● **Your task**:
All entries below must be written out verbatim, and the images must be dropped.

Provided records START

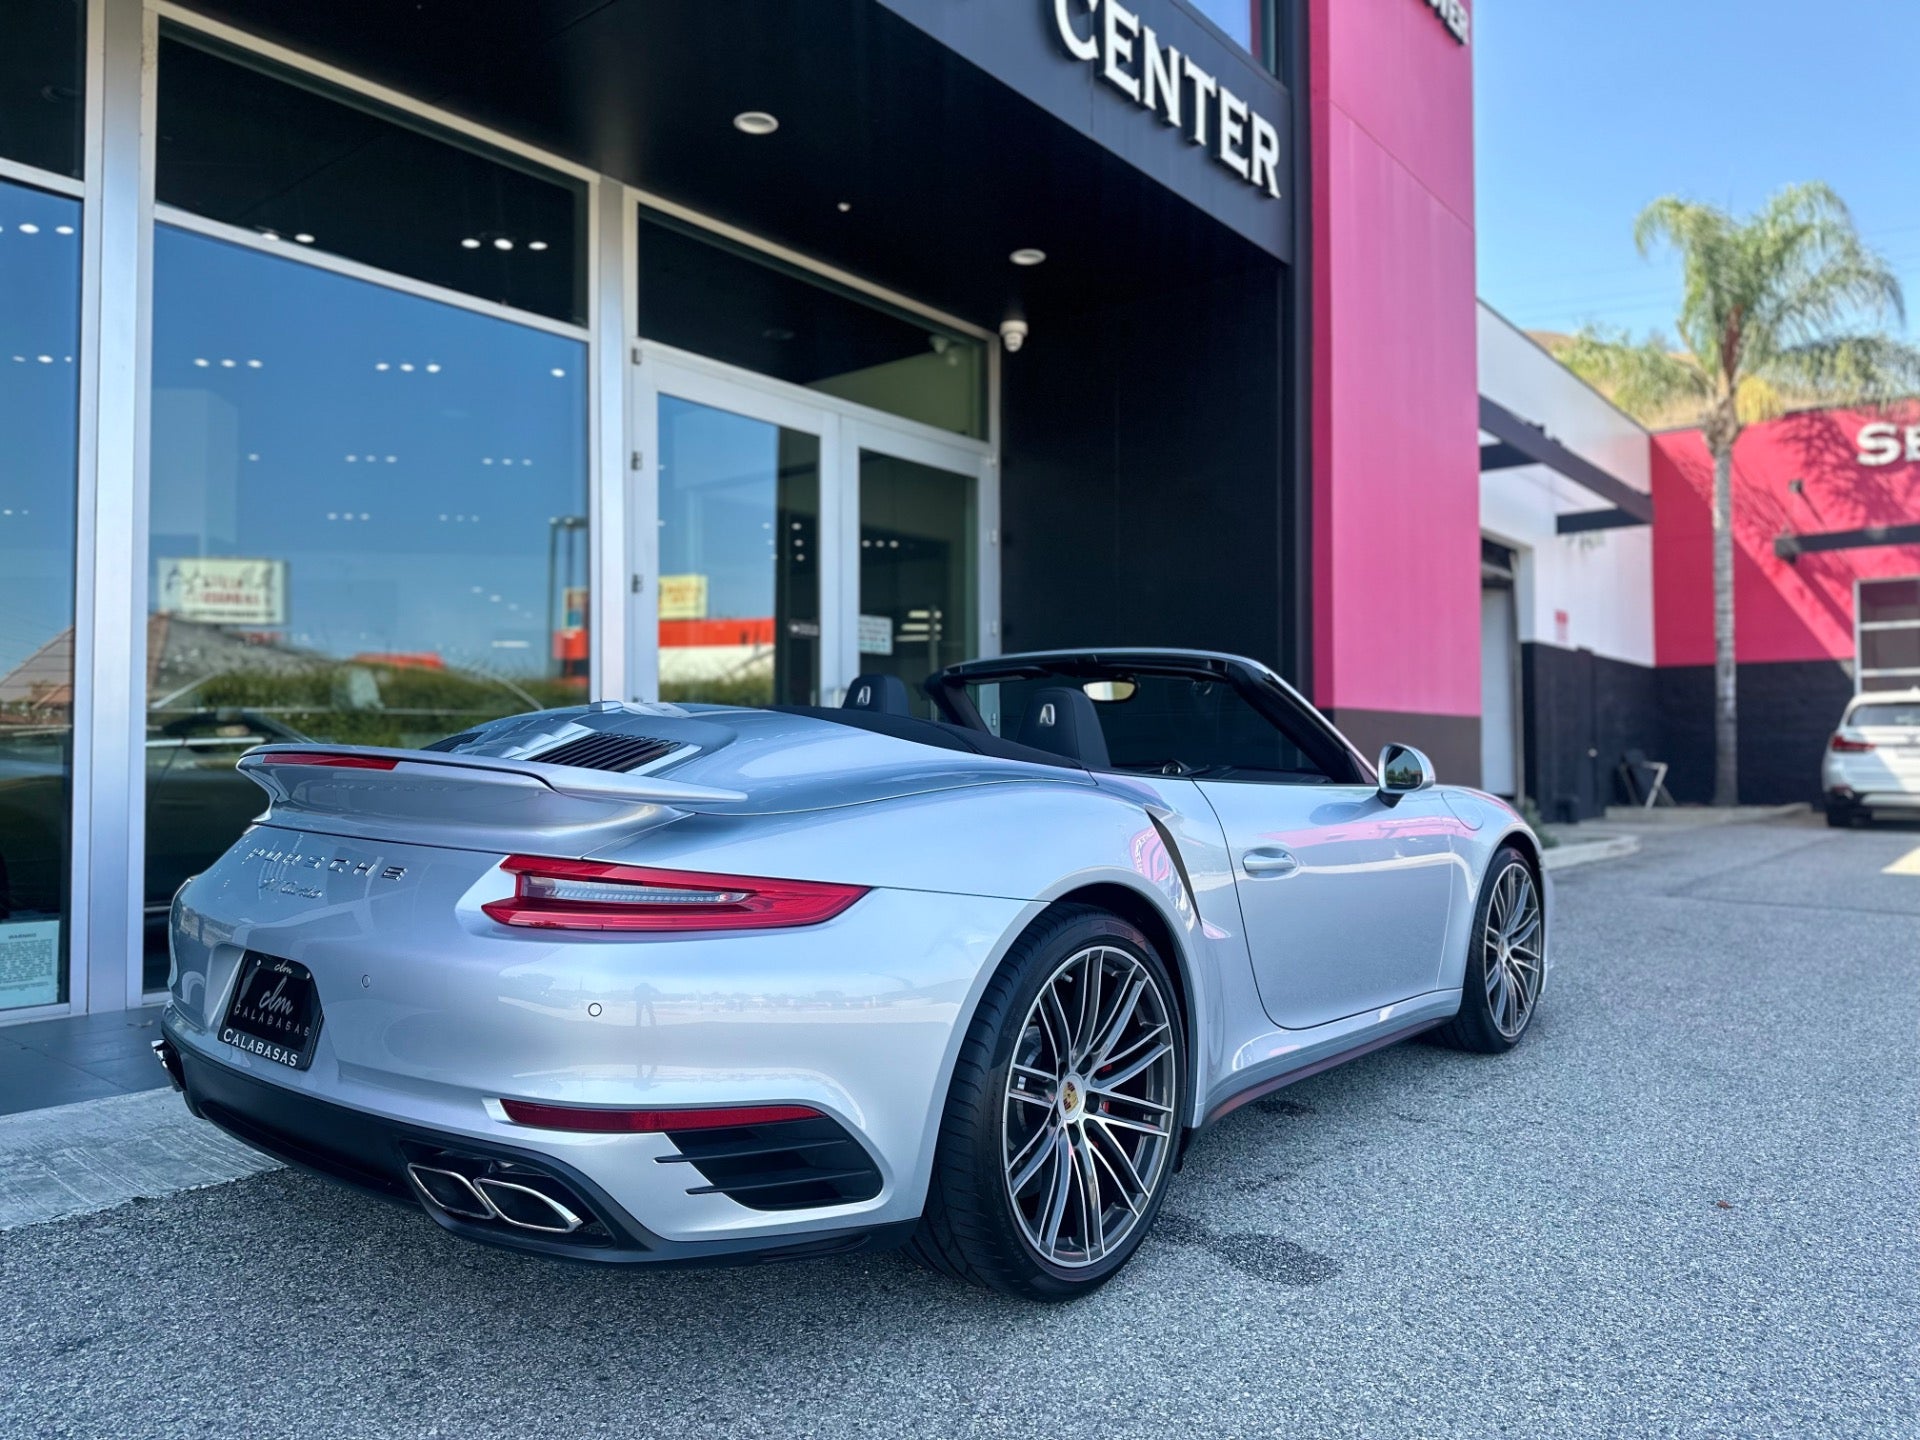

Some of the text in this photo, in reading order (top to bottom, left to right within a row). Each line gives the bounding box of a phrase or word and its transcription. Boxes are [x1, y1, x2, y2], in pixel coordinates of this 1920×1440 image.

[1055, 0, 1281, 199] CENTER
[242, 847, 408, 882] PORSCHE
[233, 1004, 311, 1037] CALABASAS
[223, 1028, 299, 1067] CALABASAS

Provided records END

● **Response**:
Some of the text in this photo, in reading order (top to bottom, left to right within a row). Each line gives the bounding box of a phrase or word and its transcription. Boxes are [x1, y1, x2, y2], in pixel coordinates of this 1920×1440 image.

[1055, 0, 1281, 199] CENTER
[242, 847, 408, 882] PORSCHE
[233, 1004, 311, 1037] CALABASAS
[223, 1028, 299, 1067] CALABASAS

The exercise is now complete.